Original article: [Chinese]

IPO Approval Requirements for Restaurants to be Relaxed
Corporation, page 25
~ Despite the huge amount of money swirling around in China's restaurant industy, with some estimates saying that 2 trillion yuan was spent in restaurants last year, there are only three restaurants that are listed on China's domestic stock exchanges. The China Securities Regulatory Commission (CSRC) is currently considering relaxing the approval requirements for food and beverage companies that want to list on domestic markets.
~ CSRC Chairman Guo Shuqing at the launch of the China Listed Companies Association (CLCA) on Feb. 15, expressed his support for China's restaurant operators to go public. Guo reasoned, "we used to have prejudices toward consumption and service companies...[but managing] a restaurant well is no easier than managing a factory."
~ Some chain catering companies such as Beijing Jiahe Yipin Enterprise Management Co., Ltd. (嘉禾一品), are stepping up their efforts to be listed. The company is set to submit its application materials soon.
~ By the end of February this year, Tianjin Goubuli Baozi Catering Company (天津狗不理集团), Guangzhou Restaurant Enterprises Group Co., Ltd. (广州酒家集团), Shunfeng Catering and Hotel Management Co., Ltd (顺峰饮食酒店管理) and Jingya Group (静雅食品) are all waiting to be listed on the Shenzhen Stock Exchange.
~ Just three restaurants, namely Quanjude Group (全聚德), Xi'an Catering & Service Group (西安饮食) and Xiang and E Flavor (湘鄂情) have successfully listed in the past. Xiang and E Flavor was the last catering company to lsit on China's stock market when it launched its IPO in November 2009.
~ One reason for the delay in approving the IPO of restaurants and other companies operating in the food and beverage industry, is because of the high risk of financial irregularities. It is difficult to assess the incomes and expenditures of these catering companies. Another reason is that some high-end restaurants are associated with catering to officials who pay for meals from the public purse, apparently the regulator was worried about public reaction to such companies being allowed to list.
~ Investors, however, have been enthusiastic about investing in the food and beverage industry, which is a large and growing market in China. On Feb. 1, the private equity fund Unitas Capital acquired a majority stake in Babela Restaurant Management Co. Ltd. for 40 million dollars.
Original article: [Chinese]

China's Second Biggest Steelmaker Posts 2.15 Billion Yuan Loss for 2011
Corporation, page 28
~ Anshan Iron and Steel Group Corporation, or Ansteel, reported a 2.15 billion yuan net loss for 2011, underperforming its larger rival Baosteel, which posted a 7.3 billion yuan profit for the year.

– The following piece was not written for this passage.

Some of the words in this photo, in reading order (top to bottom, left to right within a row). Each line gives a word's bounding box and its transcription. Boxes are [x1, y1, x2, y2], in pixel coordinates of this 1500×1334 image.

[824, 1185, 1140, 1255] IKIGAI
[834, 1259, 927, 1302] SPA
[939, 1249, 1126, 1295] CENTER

~ Analysts point out that Ansteel paid 20 percent more than its competitors for each ton of iron ore.
~ As well as overspending on raw materials, poor management and low quality products contributed to the Ansteel's loss.
~ Chinese steelmakers' reluctance to cut production in response to declining profitability has led to over production.
~ The loss per ton hit a record high of 500 yuan in the fourth quarter of 2011. One person working in the industry told the EO that most state-owned iron and steel companies disregard the possible consequences of overproduction.
~ "'Controlling production' is a major task for our industry in 2012," Zhu Jimin, leader of China Iron and Steel association said.